„Sie wartete nicht, bis Debatten bequem wurden“: Politik nimmt Abschied von „Möglichmacherin“ Rita Süssmuth 24.02.2026

Im Bundestag fand ein Staatsakt zum Gedenken an die verstorbene frühere Bundestagspräsidentin Rita Süssmuth statt, die Anfang Februar im Alter von 88 Jahren starb. Spitzenpolitiker wie Bundeskanzler Friedrich Merz und Bundestagspräsidentin Julia Klöckner würdigten sie als „Ausnahmepolitikerin“ und „moralische Institution“, die das Gesicht der Bundesrepublik prägte. Süssmuth war von 1985 bis 1988 Bundesfamilienministerin und von 1988 bis 1998 Bundestagspräsidentin.

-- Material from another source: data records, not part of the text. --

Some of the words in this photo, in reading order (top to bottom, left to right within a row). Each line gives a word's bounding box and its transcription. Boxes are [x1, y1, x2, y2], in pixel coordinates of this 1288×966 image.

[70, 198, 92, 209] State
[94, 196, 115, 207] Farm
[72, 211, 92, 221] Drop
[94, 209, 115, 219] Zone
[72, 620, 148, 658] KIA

Sie wurde für ihre wegweisende Politik in den Bereichen Familie, Arbeitsmarkt und AIDS-Prävention gelobt, die ihrer Zeit oft voraus war und auch innerhalb ihrer eigenen Partei für Diskussionen sorgte. Ihr Engagement für gesellschaftliche Randgruppen und ihre Bereitschaft, unbequeme Debatten zu führen, wurden besonders hervorgehoben.